Ironically enough his greatest successes seem to have been with florists’ flowers – tea roses, outdoor carnations, and violas in the more formal beds, and hybrid water-lilies in his ponds. His own records (not the sumptuously produced Gravetye Manor (1911) based on them) show his severe limitations as well as his successes.

Robinson’s attempts at farming ended in failure; this alone tempts one to compare him with J. C. Loudon, whose career was launched by his success in agriculture. Nor, it seems, in spite of his wealth and acres, was he so successful a cultivator of garden plants as the Loudons, with their 2,000 species thriving in Bayswater. Nor did he leave any enduring monument such as Arboretum. Gravetye itself, on his death, when times had changed, proved an unsalable property.

Robinson was one of the great figures in garden history, but as time passes it seems a little difficult to explain precisely why. As I have said, it is profitless to discuss what form later stages flower gardening would have taken if Miss Jekyll had not call at his office. In 1899 Robinson retired from the editorial chair of The Garden and, jointly with E. T. Cook, she succeeded him. She herself retired in 1902, leaving Cook in charge. The paper ceased in 1927.

A word should be said about the last of the Robinsonian publications, the costly and extravagantly produced Flora and Sylva, which lasted for only three years, from 1903 to 1905. There is much of it that is interesting, but neither its contents nor its lavish production achieved the high quality at which Robinson aimed.

This was particularly so with the many colour plates, mostly by Henry George Moon (1857-1905).* [*The popular tulip ‘Mrs. Moon’ was named after his wife, a daughter of H. F. C. Sander, the orchid-grower.] This painter was long associated with Robinson. Competent and facile, his pleasant work is entirely without any quality of liveliness combined with botanical understanding, those two prerequisites of such colour plates. His work, and the kind of flowers that he painted, have, however, already acquired a rather undistinguished tone recalling their period. It can be said in mitigation that his painting was gayer than the figures of the reliable and industrious G. Worthinton Smith (1835-1917), who from 1875 to 1910 provided a regular flow of drawings for The Gardener’s Chronicle, of monotonous accuracy combined with a peculiar feeling of staleness that was no doubt increased by the now debased mechanics of wood engraving. We must face a fact that Robinson would not: the halftone reproduction of a photograph was fast replacing the work the botanical artist, who became an unessential luxury.

The Gardener’s Chronicle was, in this period, in some ways unduly shadowed by the dominating Robinsonian journalism. Needless to say, it continued as an important periodical, invaluable to the working and scientific gardener, even if it did still present its readers with chromolithographed plans of carpet-bedding long after Robinson believed he had killed that fashion. It was directed principally by a remarkable and learned man, Dr. Maxwell Tylden Masters (1833-1907).

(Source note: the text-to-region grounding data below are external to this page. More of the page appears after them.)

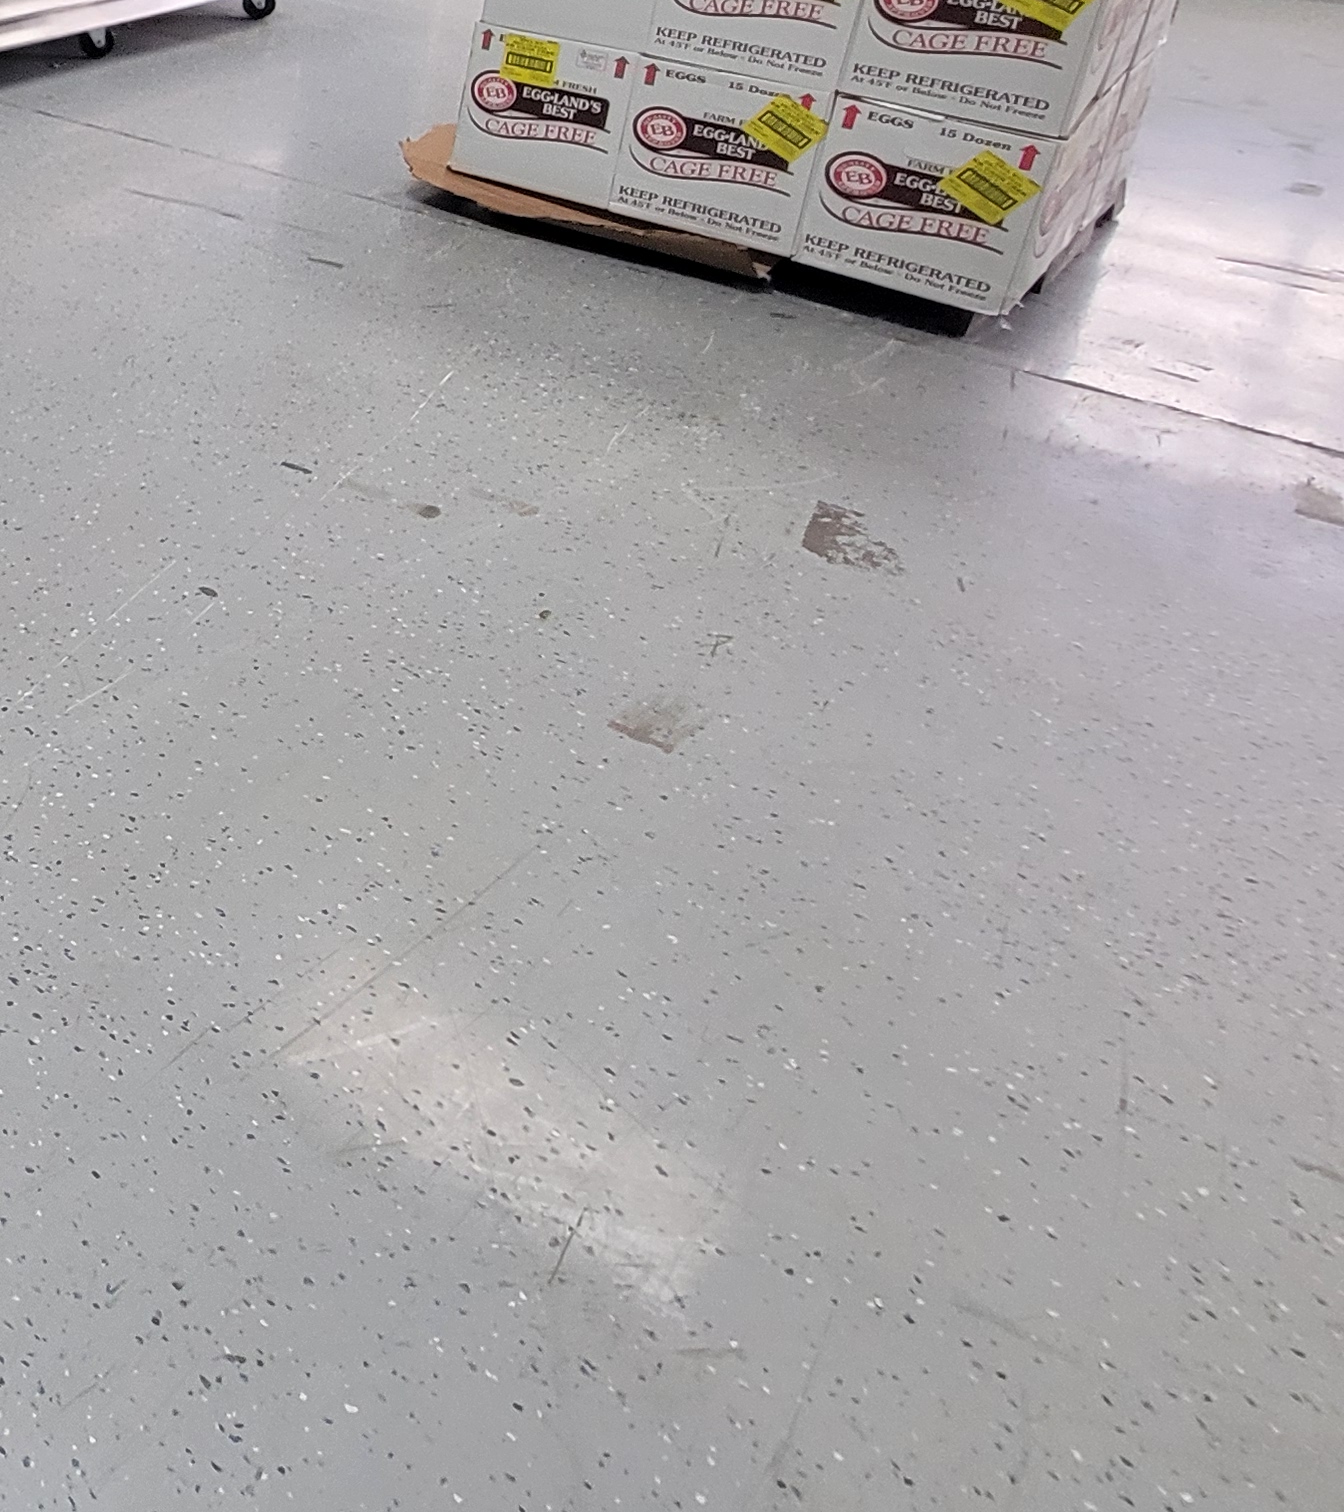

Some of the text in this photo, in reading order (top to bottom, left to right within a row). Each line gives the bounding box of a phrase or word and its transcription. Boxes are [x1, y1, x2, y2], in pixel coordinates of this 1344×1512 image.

[761, 0, 825, 20] FREE
[974, 10, 1022, 30] BEST
[654, 37, 665, 45] At
[707, 47, 738, 60] Below
[747, 56, 764, 64] Do
[766, 59, 785, 70] Not
[788, 63, 824, 77] Freeze
[656, 26, 827, 69] KEEP REFRIGERATED
[892, 29, 1048, 58] CAGE FREE
[486, 87, 506, 99] EB
[666, 69, 706, 84] EGGS
[729, 81, 744, 91] 15
[853, 63, 1050, 111] KEEP REFRIGERATED
[851, 74, 865, 83] At
[912, 86, 948, 101] Below
[959, 95, 977, 105] Do
[980, 99, 1002, 111] Not
[1005, 102, 1047, 120] Freeze
[543, 104, 577, 120] BEST
[703, 112, 736, 125] FARM
[485, 118, 596, 144] CAGE FREE
[649, 122, 674, 137] EB
[867, 111, 1012, 151] EGGS 15 Dozen
[716, 141, 756, 160] BEST
[649, 156, 778, 186] CAGE FREE
[845, 169, 873, 185] EB
[907, 158, 945, 173] FARM
[618, 196, 629, 204] At
[668, 207, 697, 222] Below
[707, 217, 722, 227] Do
[725, 221, 743, 233] Not
[745, 227, 779, 242] Freeze
[619, 185, 781, 234] KEEP REFRIGERATED
[841, 206, 990, 244] CAGE FREE
[803, 245, 815, 253] At
[859, 260, 894, 276] Below
[904, 273, 920, 284] Do
[925, 279, 944, 290] Not
[948, 282, 987, 301] Freeze
[805, 233, 991, 293] KEEP REFRIGERATED

He became senior editor, with Thomas Moore as his fellow, in 1865, and from Moore’s death in 1887 to a few weeks before his own in 1907 he was responsible for the highly reliable standard of the paper. Masters was the son of a Canterbury nurseryman noted both for his hybridization of passion-flowers and the foundation of the Canterbury museum. The son was ambitious, and wished to follow a more intellectual career. He qualified as a Doctor of Medicine at Edinburgh. Botanically, he was an authority – and published important works on – teratology (the study of plant abnormalities), the large and chiefly tropical passion-flower family (an interest presumably inherited from his father) and, of much consequence to the horticulturists of the day, a leading expert on conifers. He took a very active part in the working of many gardening organizations, particularly the Royal Horticultural Society, which perpetuated his memory in the important Masters Memorial Lectures.

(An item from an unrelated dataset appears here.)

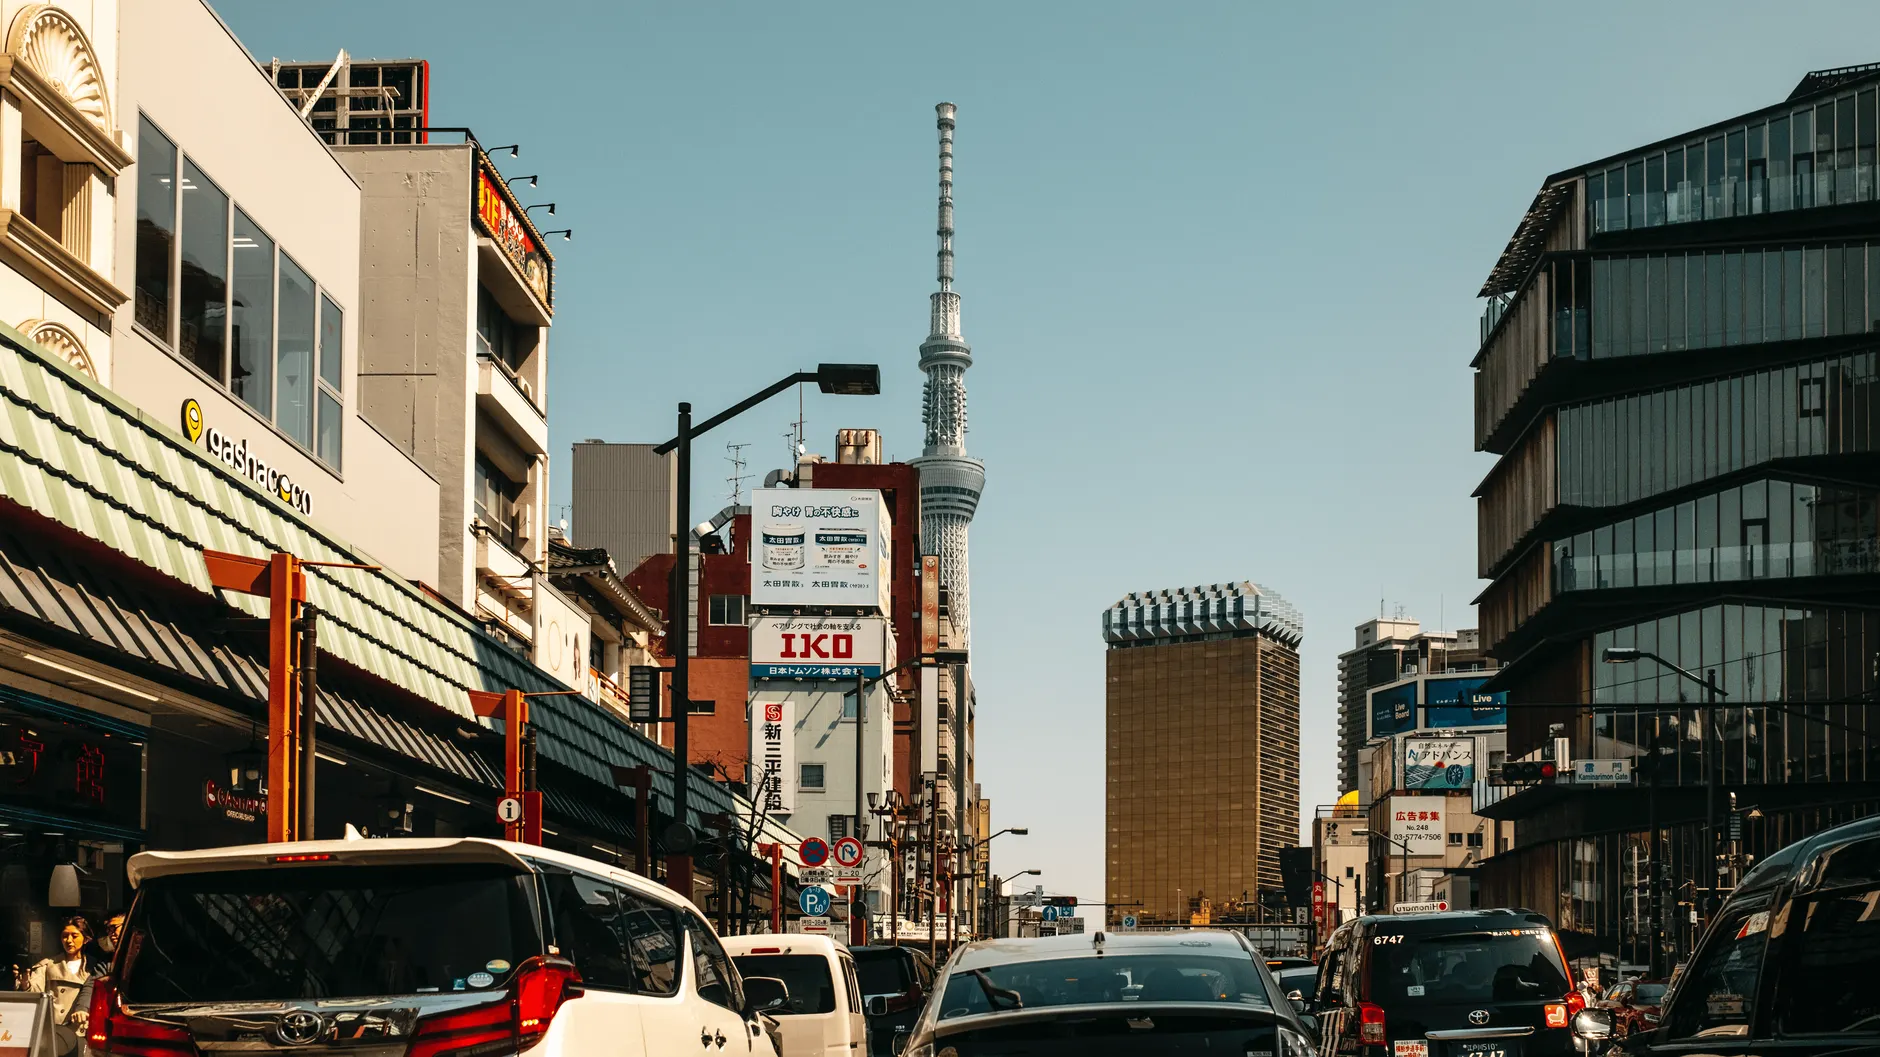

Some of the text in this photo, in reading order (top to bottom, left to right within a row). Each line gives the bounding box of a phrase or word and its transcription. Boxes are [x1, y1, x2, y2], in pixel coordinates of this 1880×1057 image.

On 3rd May 1884 first appeared the weekly paper Amateur Gardening. This was directed to the steadily increasing class of owner-gardeners who employed little or no labour. Shirley Hibberd was its first editor, but success did not come until 1887 when he was succeeded by Thomas W. Sanders (1855-1926). Born at Martley in Worcestershire, Sanders was first a builder and then a working gardener. After employment in several large gardens, including a period at Versailles, he entered upon horticultural journalism. His success was great. Not only did he cause Amateur Gardening to flourish, but his name still lives on in Sanders’ Encyclopaedia of Gardening and other sound, practical, and popular books. He was followed on his death by Albert James Macself (1869-1952), who moved into journalism from the nursery trade.

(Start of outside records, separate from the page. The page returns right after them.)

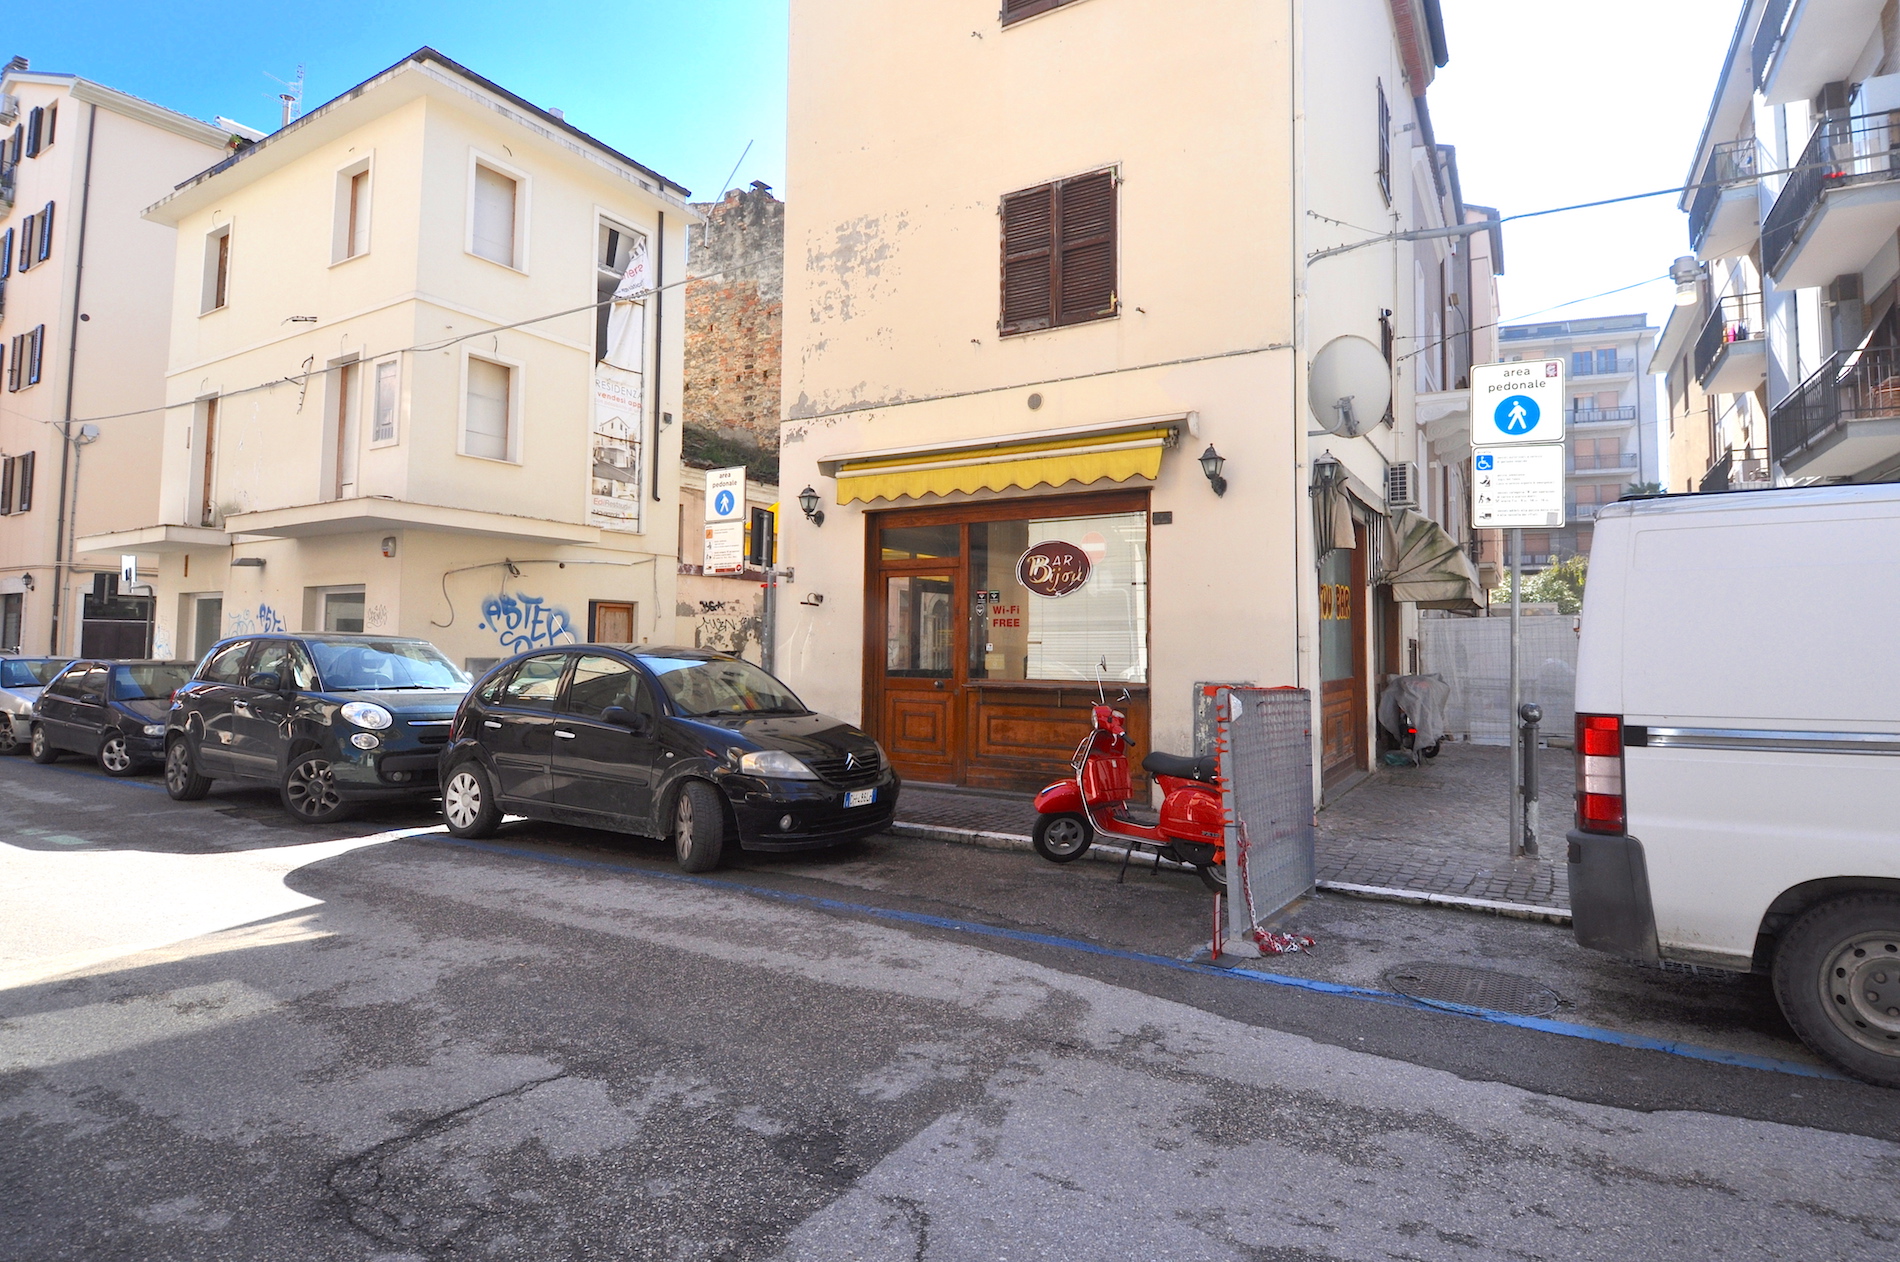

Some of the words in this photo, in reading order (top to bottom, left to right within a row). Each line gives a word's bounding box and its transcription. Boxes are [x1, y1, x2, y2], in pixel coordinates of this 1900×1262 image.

[1503, 368, 1531, 378] area
[1488, 379, 1547, 394] pedonale
[597, 392, 626, 404] vendesi
[712, 480, 738, 489] pedonale
[992, 605, 1020, 615] Wi-Fi
[992, 618, 1020, 628] FREE

One other periodical, originally associated with the Jekyll-Lutyens school, should be mentioned. In January 1897 the first issue of Country Life appeared. Ever since, it has given much attention to gardening in its aesthetic, practical, and historical aspects. Week by week some notable house or building has been described and well illustrated, as often as not with its surrounding garden. The first of this long and honoured series of articles was devoted to the moated Warwickshire house of Baddesley Clinton. A little later the contributions of H. Avray Tipping (1855-1933), who combined a practical knowledge of gardening and garden design with considerable historical and architectural learning, introduced a new element into the study of old gardens. Sir Lawrence Weaver (1876-1930) was also a contributor, and collaborator with Miss Jekyll.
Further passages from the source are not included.